Goal of the exercise:
Each entry below must be repeated exactly. Leave the pictures out of it.
━━━━━ Records to use
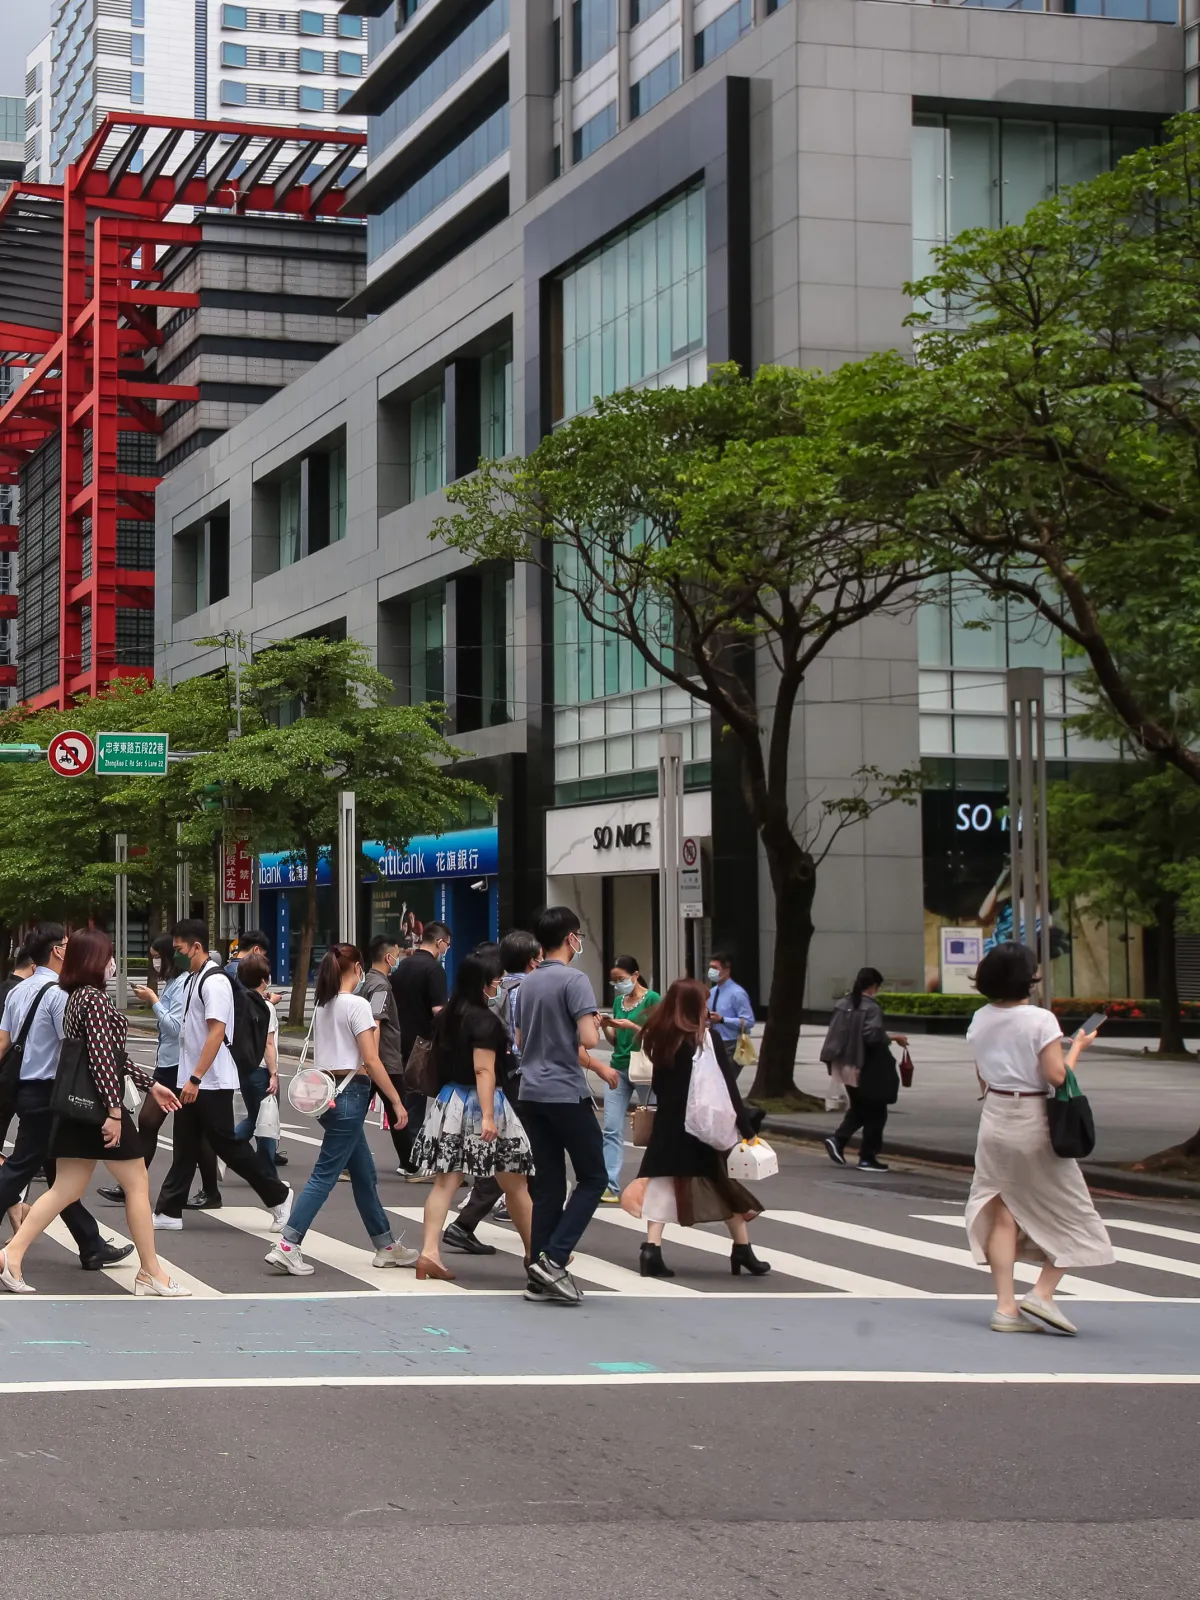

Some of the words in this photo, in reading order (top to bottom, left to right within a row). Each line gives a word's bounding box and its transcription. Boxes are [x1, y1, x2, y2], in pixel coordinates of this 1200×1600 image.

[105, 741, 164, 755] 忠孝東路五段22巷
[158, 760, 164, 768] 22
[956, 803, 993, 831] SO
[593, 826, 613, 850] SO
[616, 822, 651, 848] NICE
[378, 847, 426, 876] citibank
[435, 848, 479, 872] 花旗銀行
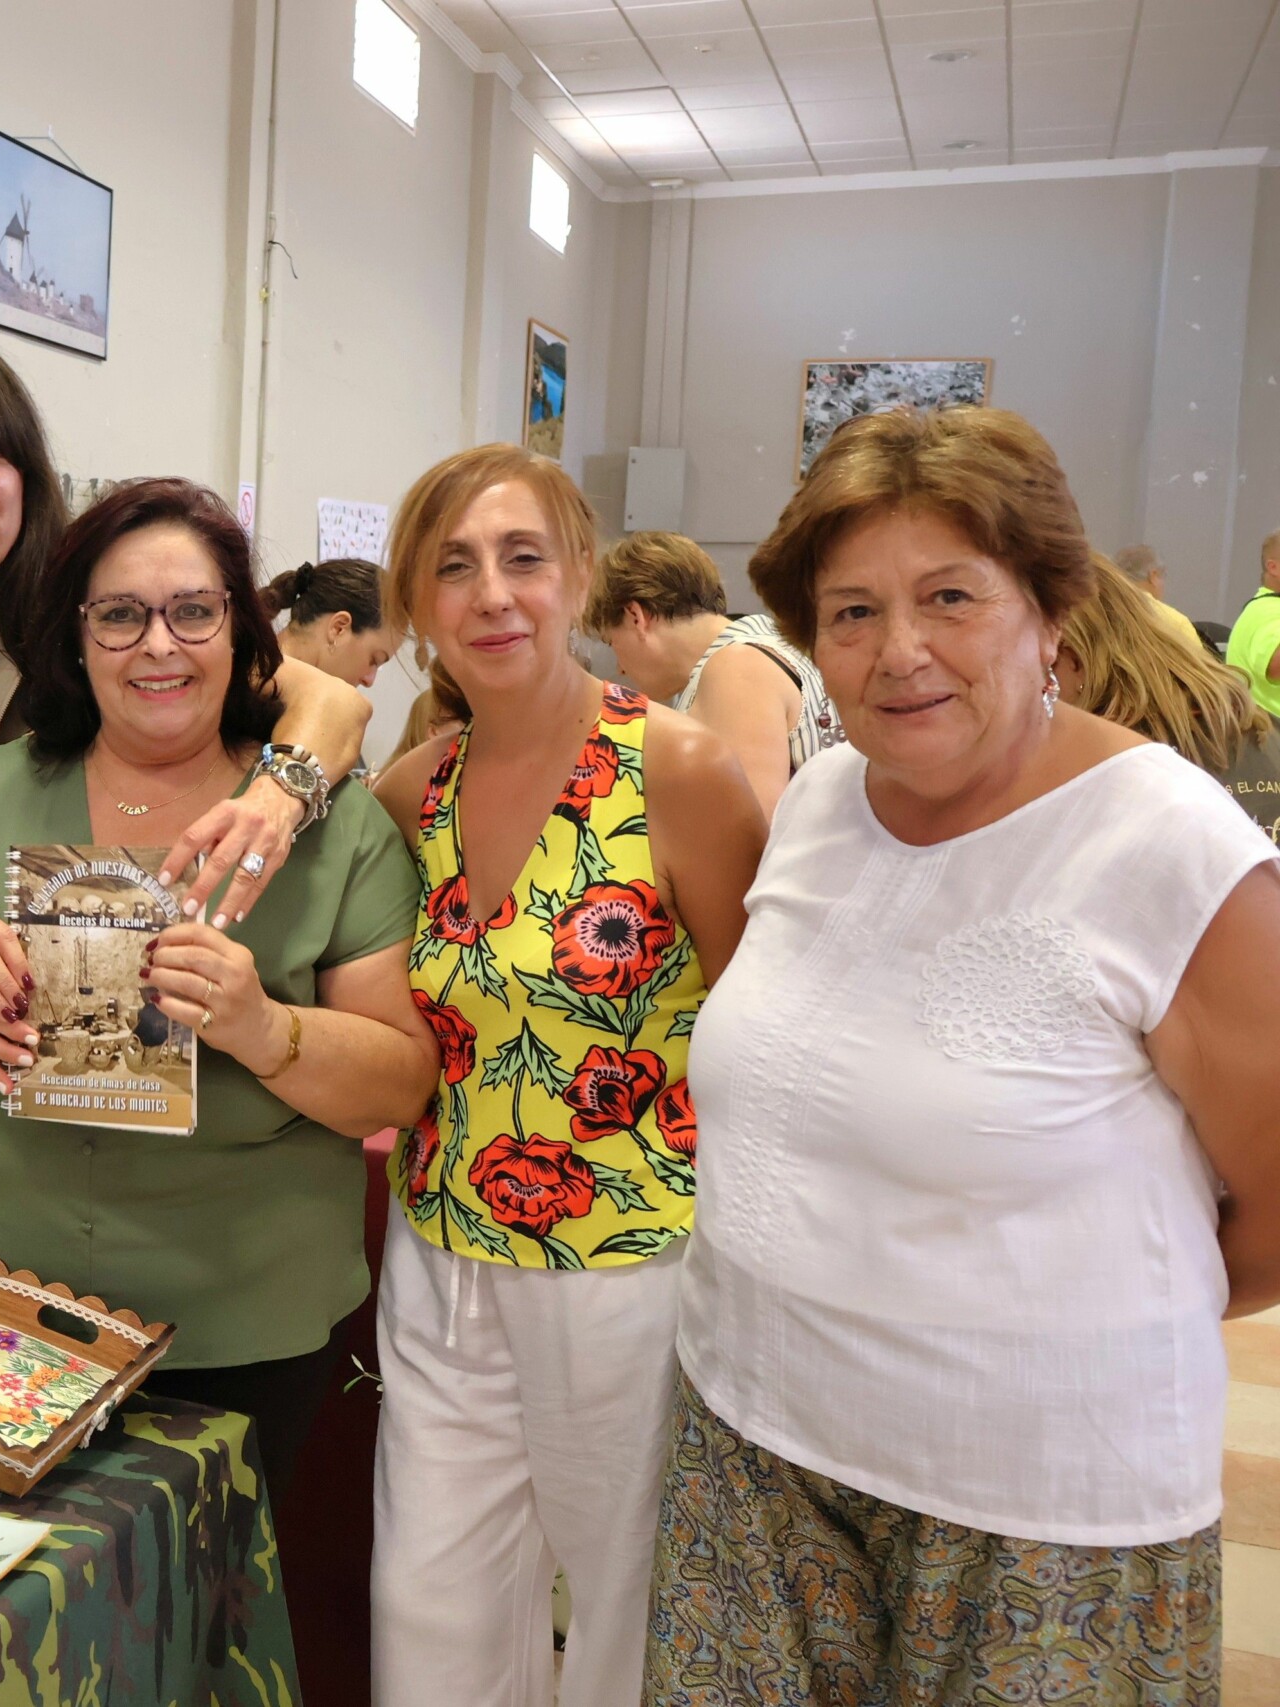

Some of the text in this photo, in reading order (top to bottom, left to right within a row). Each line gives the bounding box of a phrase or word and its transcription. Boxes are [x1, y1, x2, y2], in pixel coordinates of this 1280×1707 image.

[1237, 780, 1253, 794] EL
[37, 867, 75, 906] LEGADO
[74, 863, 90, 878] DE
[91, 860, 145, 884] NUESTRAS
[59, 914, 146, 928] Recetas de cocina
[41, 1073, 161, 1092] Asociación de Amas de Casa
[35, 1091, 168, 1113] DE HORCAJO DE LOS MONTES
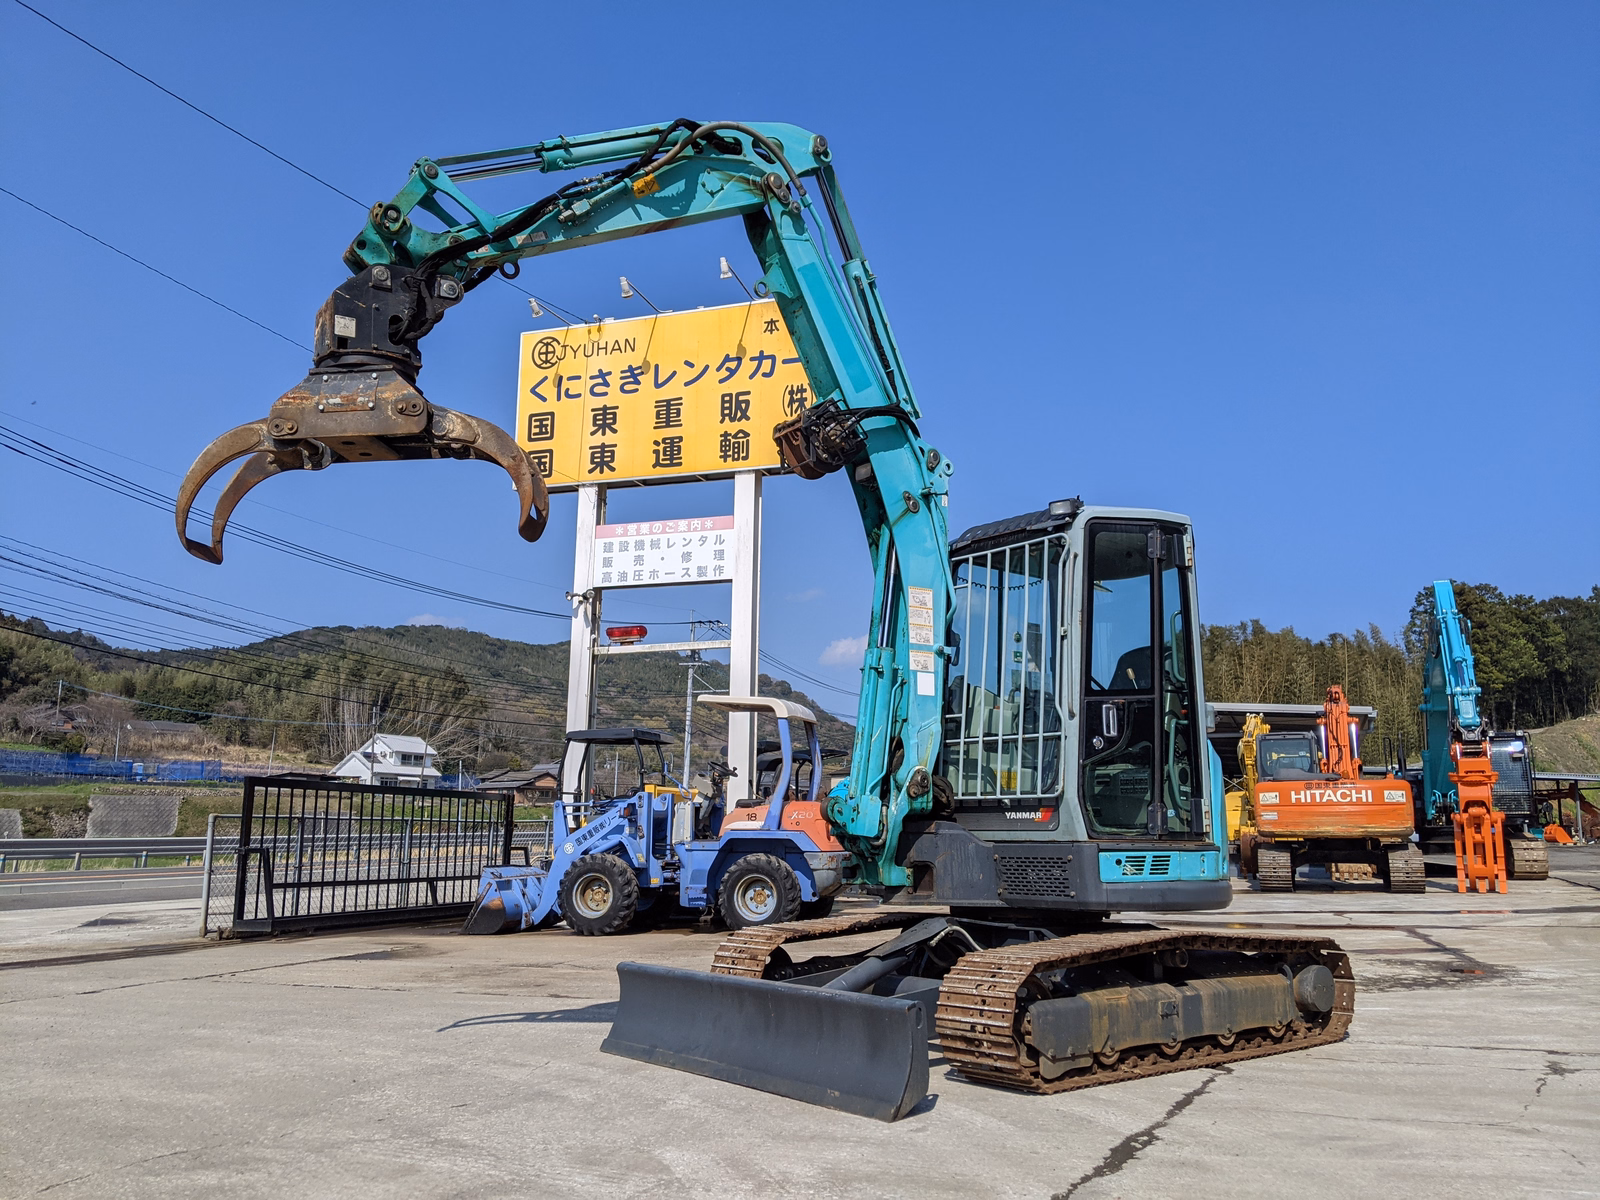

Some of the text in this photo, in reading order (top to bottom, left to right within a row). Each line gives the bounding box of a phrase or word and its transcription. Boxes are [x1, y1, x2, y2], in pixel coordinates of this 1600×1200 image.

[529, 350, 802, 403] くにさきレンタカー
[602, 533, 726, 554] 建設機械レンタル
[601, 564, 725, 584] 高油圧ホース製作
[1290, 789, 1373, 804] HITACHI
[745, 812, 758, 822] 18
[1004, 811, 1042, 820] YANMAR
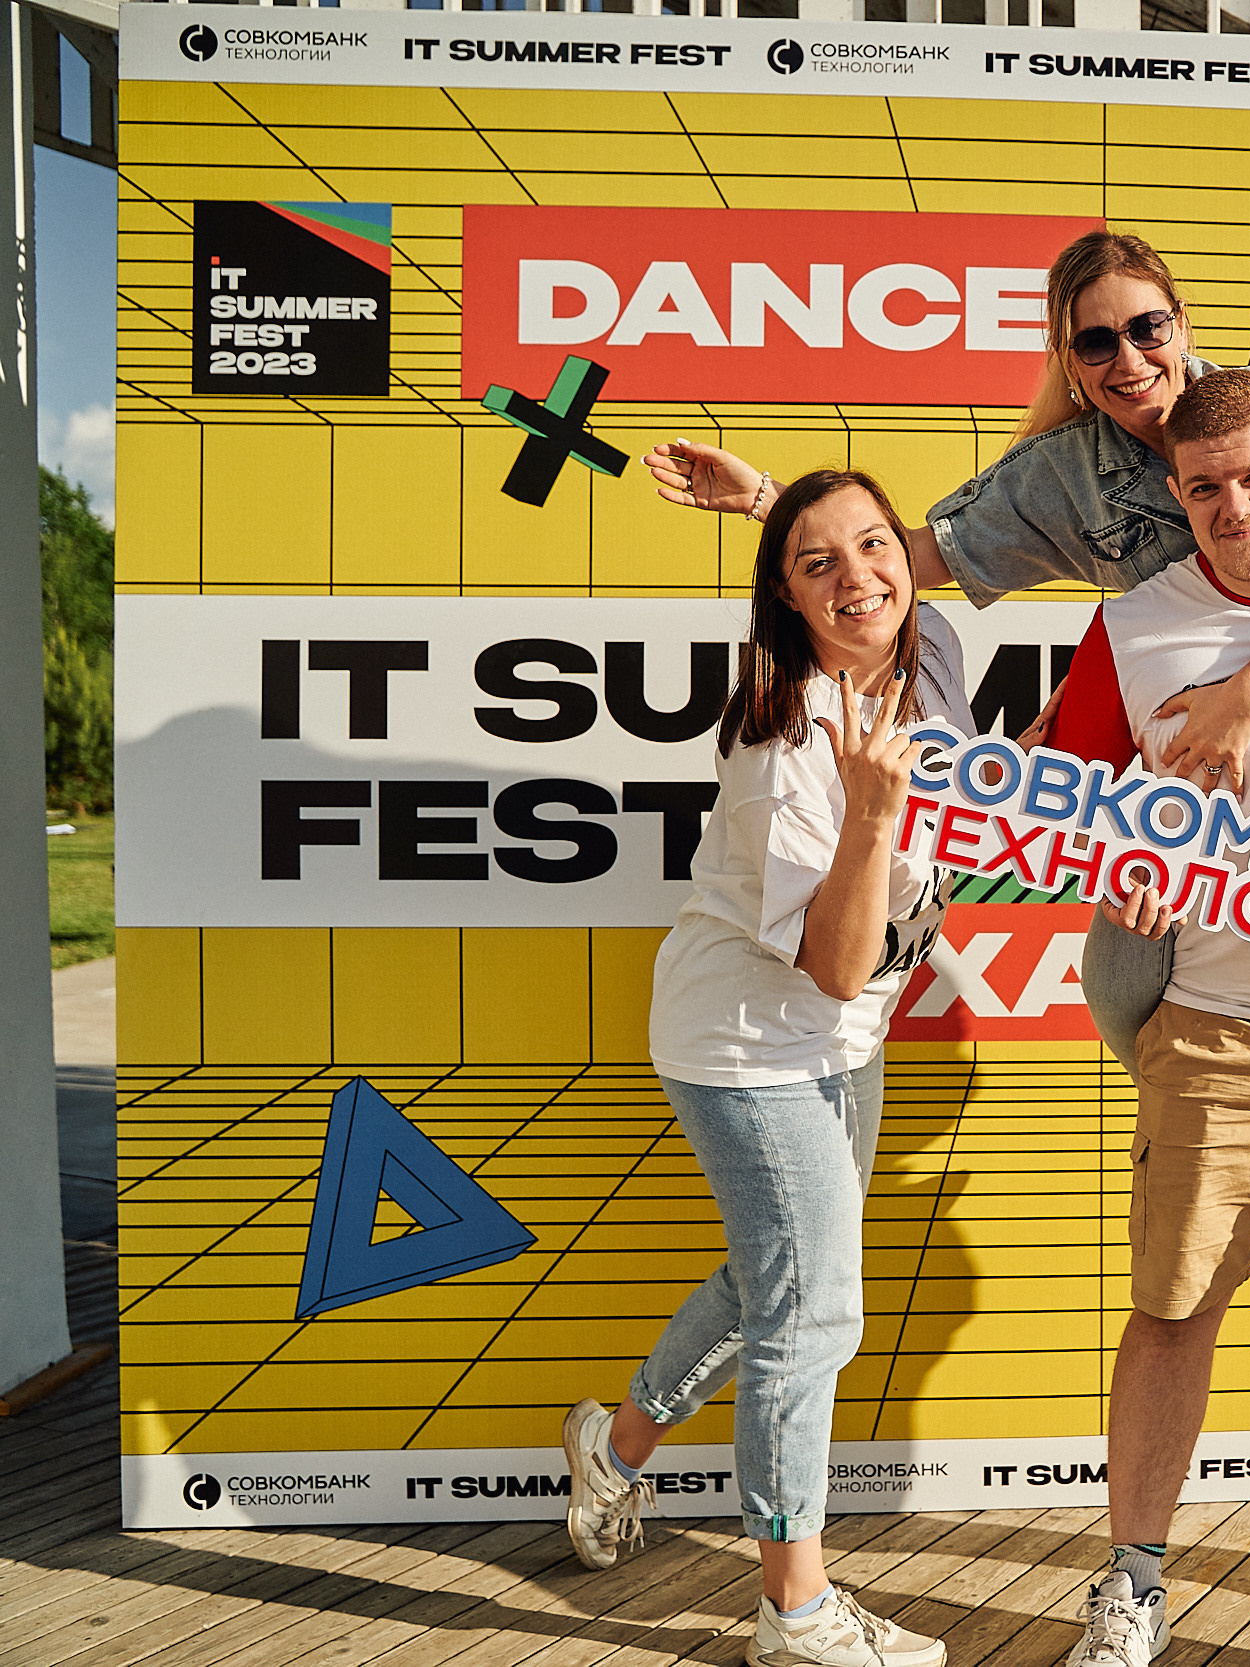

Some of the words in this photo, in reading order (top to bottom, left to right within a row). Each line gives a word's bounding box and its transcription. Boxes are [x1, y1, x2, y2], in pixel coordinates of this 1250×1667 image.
━━━━━━━━━━
Task result:
Some of the words in this photo, in reading order (top to bottom, left to right within a row). Each line gives a word's bounding box and its transcription. Boxes are [x1, y1, x2, y2], in pixel coordinates of this 1200×1600 image.

[105, 741, 164, 755] 忠孝東路五段22巷
[158, 760, 164, 768] 22
[956, 803, 993, 831] SO
[593, 826, 613, 850] SO
[616, 822, 651, 848] NICE
[378, 847, 426, 876] citibank
[435, 848, 479, 872] 花旗銀行

Some of the text in this photo, in reading order (top to bottom, left to right within a row). Each line gives the bounding box of a phrase or word and its transcription. Boxes are [x1, y1, x2, y2], in pixel coordinates of this 1280×1707 image.

[1237, 780, 1253, 794] EL
[37, 867, 75, 906] LEGADO
[74, 863, 90, 878] DE
[91, 860, 145, 884] NUESTRAS
[59, 914, 146, 928] Recetas de cocina
[41, 1073, 161, 1092] Asociación de Amas de Casa
[35, 1091, 168, 1113] DE HORCAJO DE LOS MONTES

Some of the text in this photo, in reading order (top to bottom, left to right within a row). Each line gives the bounding box of a phrase or word and its transcription. Boxes are [x1, y1, x2, y2], in pixel coordinates of this 1600×1200 image.

[529, 350, 802, 403] くにさきレンタカー
[602, 533, 726, 554] 建設機械レンタル
[601, 564, 725, 584] 高油圧ホース製作
[1290, 789, 1373, 804] HITACHI
[745, 812, 758, 822] 18
[1004, 811, 1042, 820] YANMAR

Some of the words in this photo, in reading order (top to bottom, left to right within a row). Each line gives a word's bounding box and its transcription. Boxes are [x1, y1, x2, y2], in pixel coordinates of this 1250×1667 image.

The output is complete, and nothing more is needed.